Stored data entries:
[Start of Attachment]
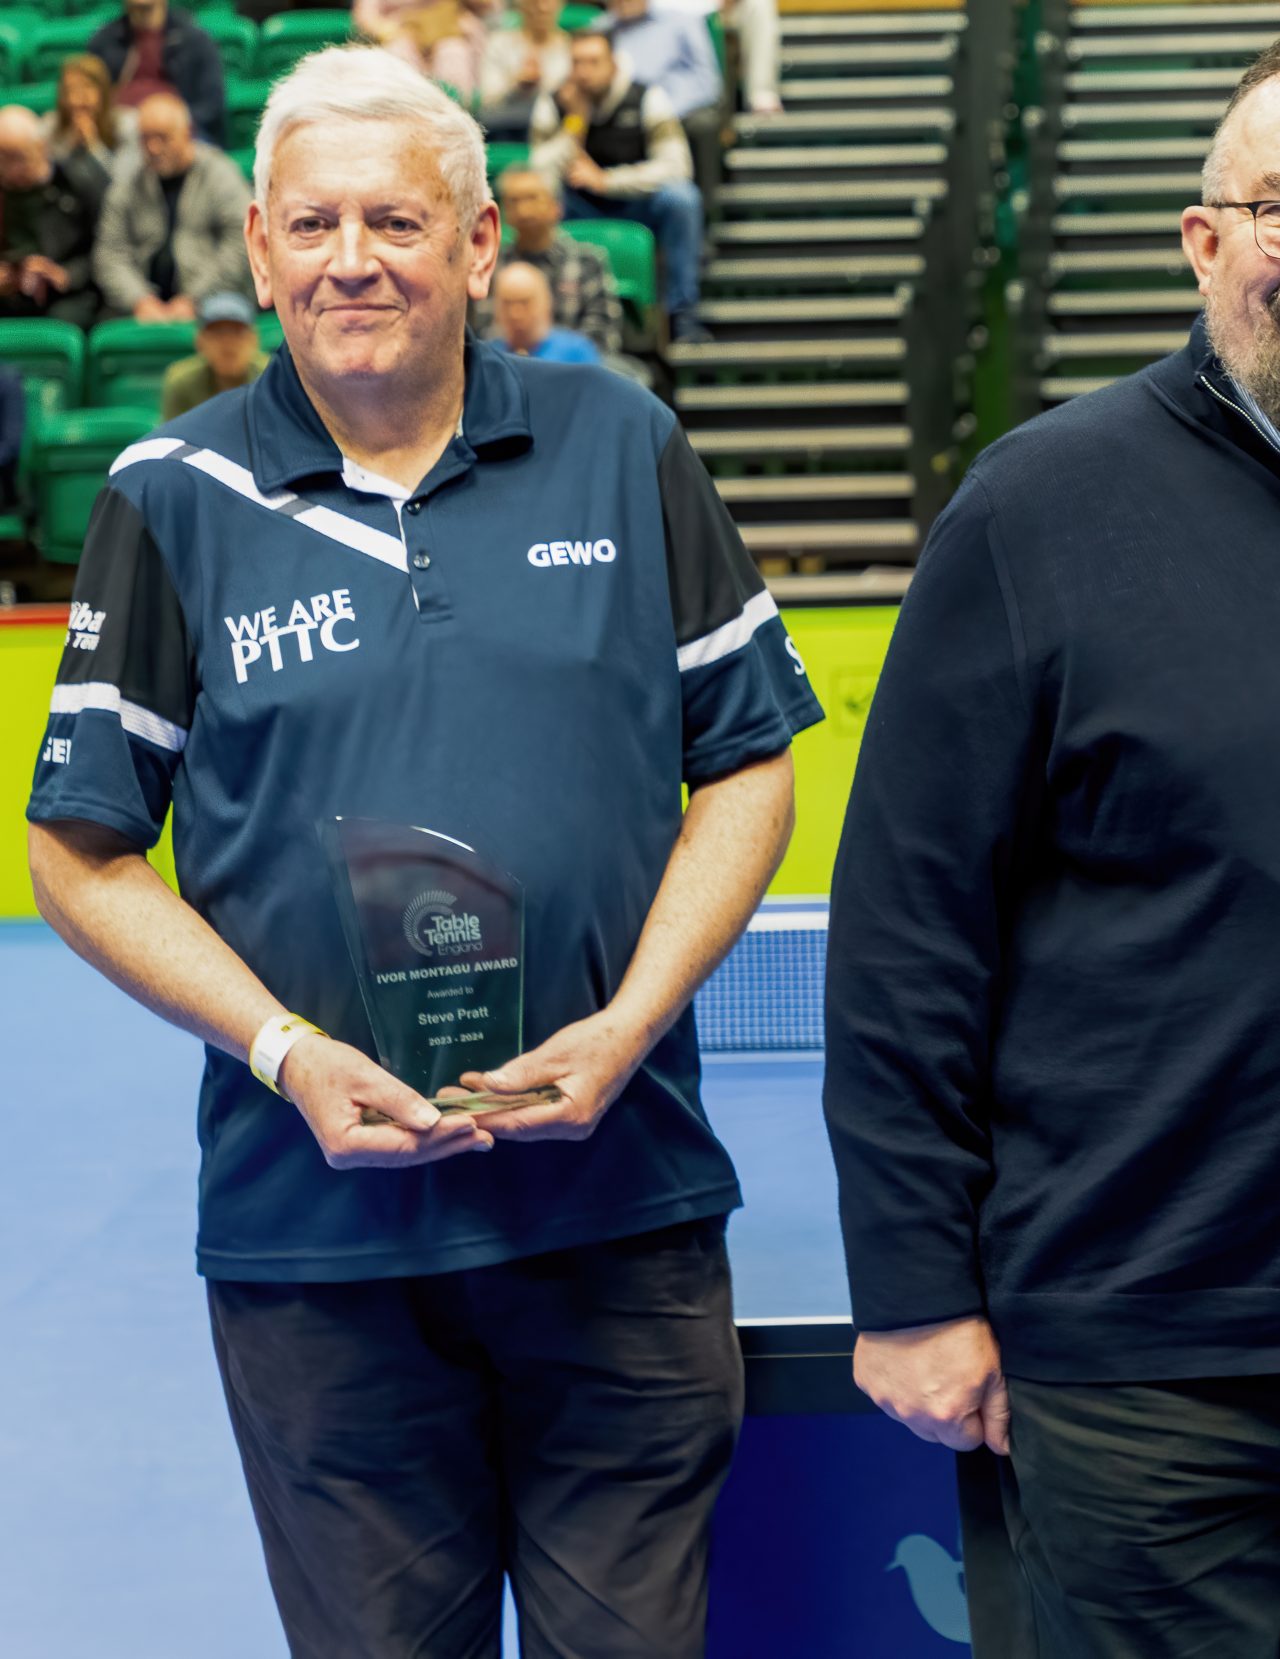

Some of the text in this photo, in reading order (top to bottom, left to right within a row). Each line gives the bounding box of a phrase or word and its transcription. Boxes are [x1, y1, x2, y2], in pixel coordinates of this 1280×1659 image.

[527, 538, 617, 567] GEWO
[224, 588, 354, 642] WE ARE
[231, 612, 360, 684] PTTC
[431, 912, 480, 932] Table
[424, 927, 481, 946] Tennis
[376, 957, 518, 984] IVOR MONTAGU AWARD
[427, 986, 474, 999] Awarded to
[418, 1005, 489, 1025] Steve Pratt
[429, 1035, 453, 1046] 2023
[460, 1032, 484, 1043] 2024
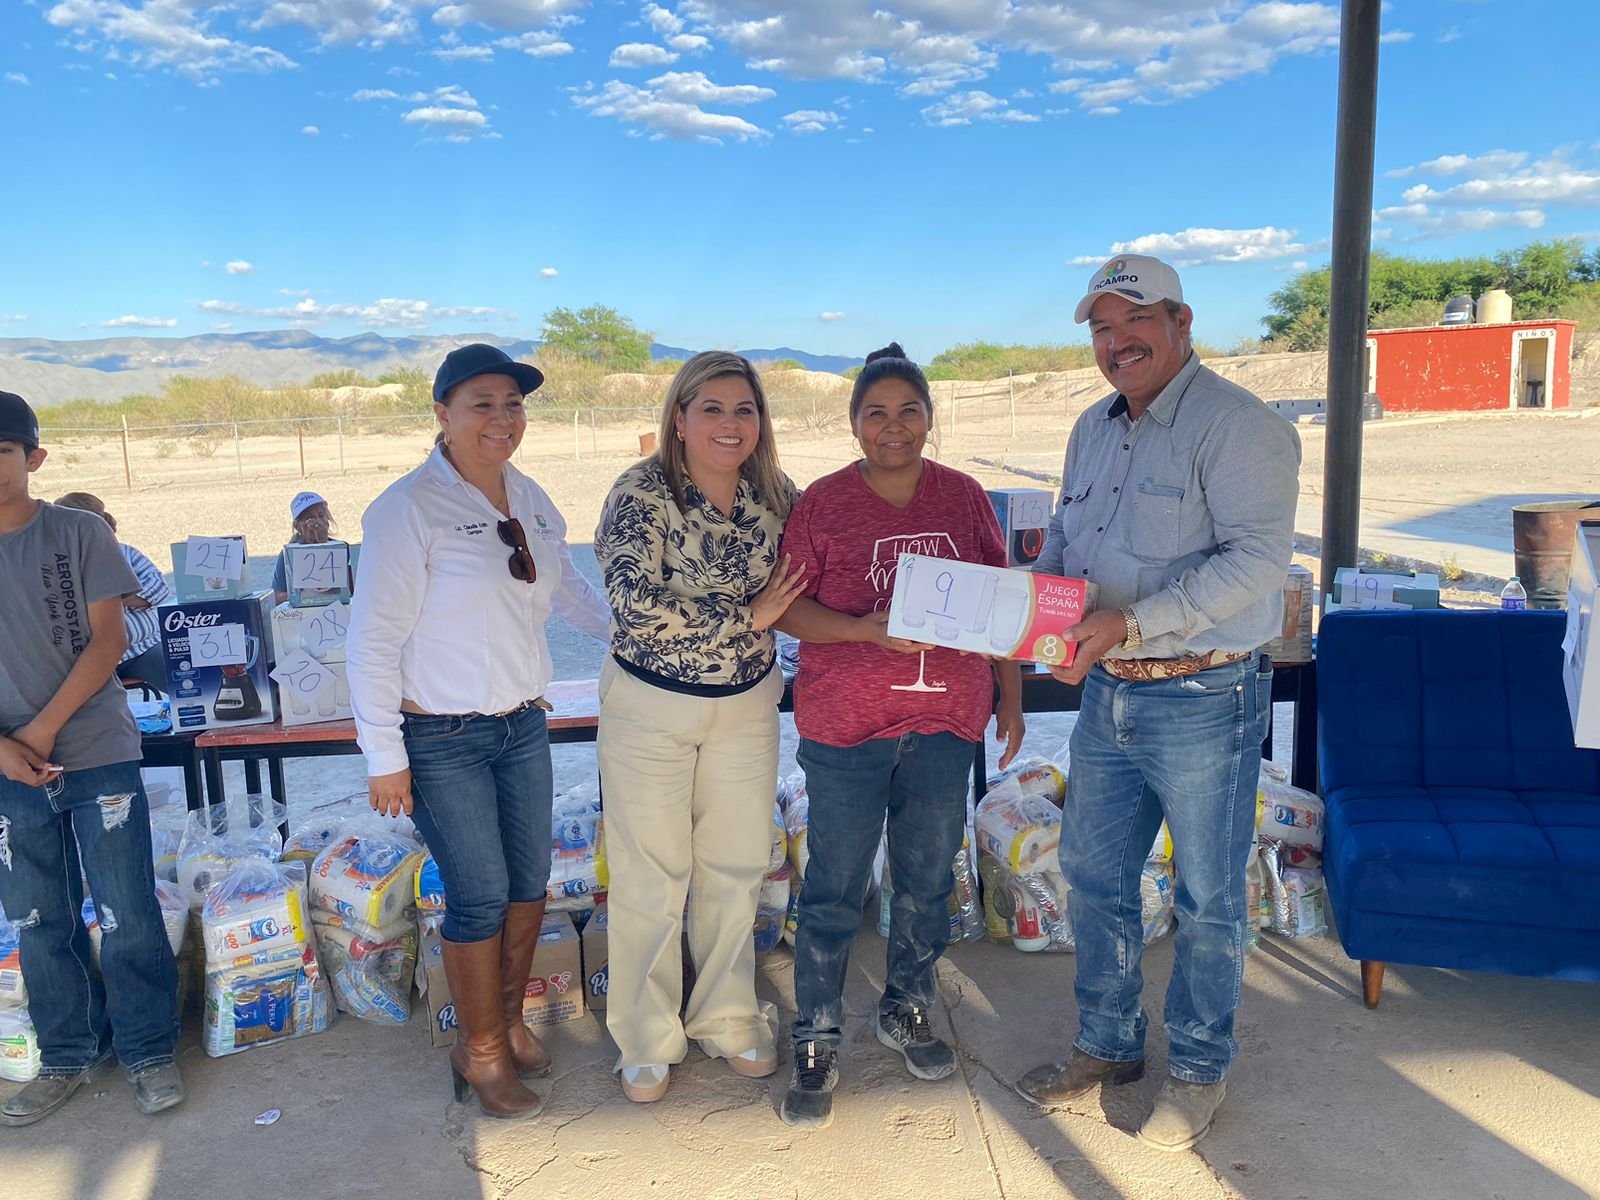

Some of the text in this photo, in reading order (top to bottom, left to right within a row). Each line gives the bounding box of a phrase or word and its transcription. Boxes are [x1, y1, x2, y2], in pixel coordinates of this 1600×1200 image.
[End of Attachment]
In transcribing the lines above, omit the images and keep all else exact.

Some of the text in this photo, in reading order (top to bottom, left to right within a row). Each line gives the bounding box of a phrase or word and its transcription. Boxes are [x1, y1, x2, y2], in pixel coordinates of this 1280×1659 image.

[527, 538, 617, 567] GEWO
[224, 588, 354, 642] WE ARE
[231, 612, 360, 684] PTTC
[431, 912, 480, 932] Table
[424, 927, 481, 946] Tennis
[376, 957, 518, 984] IVOR MONTAGU AWARD
[427, 986, 474, 999] Awarded to
[418, 1005, 489, 1025] Steve Pratt
[429, 1035, 453, 1046] 2023
[460, 1032, 484, 1043] 2024

Some of the text in this photo, in reading order (top to bottom, left to right within a row). Each line gives the bounding box of a phrase or word and its transcription. Boxes are [x1, y1, x2, y2], in pixel coordinates of this 1600×1200 image.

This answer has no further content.